WHAT IS NEEDED — Give as output the line that contains "this 1920×1275 image.", followed by every remaining line of the entries, unchanged and with nothing added.

[Referring expression grounding data]
------
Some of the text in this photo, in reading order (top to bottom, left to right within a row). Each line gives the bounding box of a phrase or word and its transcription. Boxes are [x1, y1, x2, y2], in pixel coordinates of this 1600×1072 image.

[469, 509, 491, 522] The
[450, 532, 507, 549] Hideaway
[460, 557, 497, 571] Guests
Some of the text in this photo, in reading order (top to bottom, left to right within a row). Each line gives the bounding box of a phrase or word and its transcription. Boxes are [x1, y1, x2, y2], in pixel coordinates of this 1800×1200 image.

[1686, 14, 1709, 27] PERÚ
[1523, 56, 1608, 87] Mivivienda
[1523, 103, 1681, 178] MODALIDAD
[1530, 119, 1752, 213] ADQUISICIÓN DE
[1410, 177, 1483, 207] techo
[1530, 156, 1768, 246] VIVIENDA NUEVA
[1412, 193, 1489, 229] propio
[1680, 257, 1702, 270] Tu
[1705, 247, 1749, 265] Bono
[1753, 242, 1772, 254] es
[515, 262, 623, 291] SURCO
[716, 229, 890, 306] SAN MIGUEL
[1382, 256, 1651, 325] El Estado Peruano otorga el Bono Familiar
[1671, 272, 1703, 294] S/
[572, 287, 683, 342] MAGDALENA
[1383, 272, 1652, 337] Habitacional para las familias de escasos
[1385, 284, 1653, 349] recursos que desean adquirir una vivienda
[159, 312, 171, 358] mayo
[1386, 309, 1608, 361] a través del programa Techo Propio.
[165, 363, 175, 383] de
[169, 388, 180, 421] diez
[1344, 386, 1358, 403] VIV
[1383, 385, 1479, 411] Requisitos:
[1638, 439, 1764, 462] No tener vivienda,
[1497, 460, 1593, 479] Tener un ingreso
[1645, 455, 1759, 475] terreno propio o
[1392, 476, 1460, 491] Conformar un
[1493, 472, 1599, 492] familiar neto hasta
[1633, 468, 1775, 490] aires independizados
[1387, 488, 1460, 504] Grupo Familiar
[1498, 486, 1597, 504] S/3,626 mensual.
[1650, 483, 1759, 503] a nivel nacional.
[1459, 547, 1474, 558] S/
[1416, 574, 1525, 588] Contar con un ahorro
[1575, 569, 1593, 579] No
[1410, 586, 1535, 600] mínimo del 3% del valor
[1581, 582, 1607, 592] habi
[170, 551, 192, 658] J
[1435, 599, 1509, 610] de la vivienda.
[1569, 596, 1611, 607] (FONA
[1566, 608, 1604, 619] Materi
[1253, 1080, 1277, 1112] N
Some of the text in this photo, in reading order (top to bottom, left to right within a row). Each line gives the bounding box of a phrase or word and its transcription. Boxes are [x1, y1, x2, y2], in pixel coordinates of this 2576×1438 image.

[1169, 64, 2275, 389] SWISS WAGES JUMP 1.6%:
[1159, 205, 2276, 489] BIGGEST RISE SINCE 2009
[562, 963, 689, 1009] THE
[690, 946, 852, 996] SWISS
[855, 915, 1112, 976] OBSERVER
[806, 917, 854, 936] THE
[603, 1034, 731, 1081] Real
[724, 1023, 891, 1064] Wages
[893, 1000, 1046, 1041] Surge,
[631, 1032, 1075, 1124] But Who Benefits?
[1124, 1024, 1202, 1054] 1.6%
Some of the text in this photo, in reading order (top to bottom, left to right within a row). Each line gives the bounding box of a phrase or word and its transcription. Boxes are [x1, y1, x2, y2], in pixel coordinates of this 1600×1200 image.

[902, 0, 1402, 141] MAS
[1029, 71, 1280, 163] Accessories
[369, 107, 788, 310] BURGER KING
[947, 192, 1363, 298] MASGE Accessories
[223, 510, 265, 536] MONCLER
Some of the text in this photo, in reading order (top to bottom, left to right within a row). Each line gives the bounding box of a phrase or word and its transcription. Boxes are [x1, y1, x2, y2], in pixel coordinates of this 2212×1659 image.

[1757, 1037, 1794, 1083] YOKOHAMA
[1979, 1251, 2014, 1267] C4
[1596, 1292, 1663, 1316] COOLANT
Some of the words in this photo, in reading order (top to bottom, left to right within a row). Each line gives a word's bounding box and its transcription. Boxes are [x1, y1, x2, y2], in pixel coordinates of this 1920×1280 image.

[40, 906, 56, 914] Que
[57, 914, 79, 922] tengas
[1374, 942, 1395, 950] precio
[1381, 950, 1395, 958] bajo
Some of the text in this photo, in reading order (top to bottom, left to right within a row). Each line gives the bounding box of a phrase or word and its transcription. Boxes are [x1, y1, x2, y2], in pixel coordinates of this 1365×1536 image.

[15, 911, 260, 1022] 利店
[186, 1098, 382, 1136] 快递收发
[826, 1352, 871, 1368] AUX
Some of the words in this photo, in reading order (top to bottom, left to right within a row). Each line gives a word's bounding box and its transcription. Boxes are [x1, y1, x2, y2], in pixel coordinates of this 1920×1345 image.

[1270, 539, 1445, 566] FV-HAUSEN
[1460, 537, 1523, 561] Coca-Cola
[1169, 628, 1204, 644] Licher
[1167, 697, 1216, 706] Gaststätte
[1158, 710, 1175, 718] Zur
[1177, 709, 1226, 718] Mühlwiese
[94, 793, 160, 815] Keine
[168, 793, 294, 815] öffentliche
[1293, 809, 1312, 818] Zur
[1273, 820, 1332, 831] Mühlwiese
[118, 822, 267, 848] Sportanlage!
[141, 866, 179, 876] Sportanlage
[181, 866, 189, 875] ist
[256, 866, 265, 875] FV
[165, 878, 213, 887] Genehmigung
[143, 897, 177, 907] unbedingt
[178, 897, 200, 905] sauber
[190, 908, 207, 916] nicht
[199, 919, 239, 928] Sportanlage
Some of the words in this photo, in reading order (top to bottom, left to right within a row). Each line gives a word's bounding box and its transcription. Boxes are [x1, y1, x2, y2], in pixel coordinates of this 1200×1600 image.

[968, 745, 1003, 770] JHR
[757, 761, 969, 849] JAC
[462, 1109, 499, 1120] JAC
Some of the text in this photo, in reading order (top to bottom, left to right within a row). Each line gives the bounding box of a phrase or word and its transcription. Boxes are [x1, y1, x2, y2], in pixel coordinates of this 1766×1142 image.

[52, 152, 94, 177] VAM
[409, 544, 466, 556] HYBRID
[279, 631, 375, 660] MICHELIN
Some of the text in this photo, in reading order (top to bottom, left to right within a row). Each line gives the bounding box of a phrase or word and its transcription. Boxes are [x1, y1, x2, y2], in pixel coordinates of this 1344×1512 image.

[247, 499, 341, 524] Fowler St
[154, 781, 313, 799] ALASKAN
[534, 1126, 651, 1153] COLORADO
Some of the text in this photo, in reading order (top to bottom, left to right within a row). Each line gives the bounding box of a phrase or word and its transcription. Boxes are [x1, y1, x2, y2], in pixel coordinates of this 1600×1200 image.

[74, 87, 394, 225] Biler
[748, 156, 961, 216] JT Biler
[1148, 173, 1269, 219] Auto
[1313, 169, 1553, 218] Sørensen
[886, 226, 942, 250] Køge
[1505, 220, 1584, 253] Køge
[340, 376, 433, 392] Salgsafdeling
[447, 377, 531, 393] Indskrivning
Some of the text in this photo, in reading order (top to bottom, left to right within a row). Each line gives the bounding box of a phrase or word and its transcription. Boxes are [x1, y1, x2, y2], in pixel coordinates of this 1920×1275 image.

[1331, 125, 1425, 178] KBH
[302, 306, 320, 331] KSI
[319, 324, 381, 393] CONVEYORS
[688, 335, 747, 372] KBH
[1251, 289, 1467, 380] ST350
------
EXERCISE OUTPUT —
Some of the text in this photo, in reading order (top to bottom, left to right within a row). Each line gives the bounding box of a phrase or word and its transcription. Boxes are [x1, y1, x2, y2], in pixel coordinates of this 1920×1275 image.

[1331, 125, 1425, 178] KBH
[302, 306, 320, 331] KSI
[319, 324, 381, 393] CONVEYORS
[688, 335, 747, 372] KBH
[1251, 289, 1467, 380] ST350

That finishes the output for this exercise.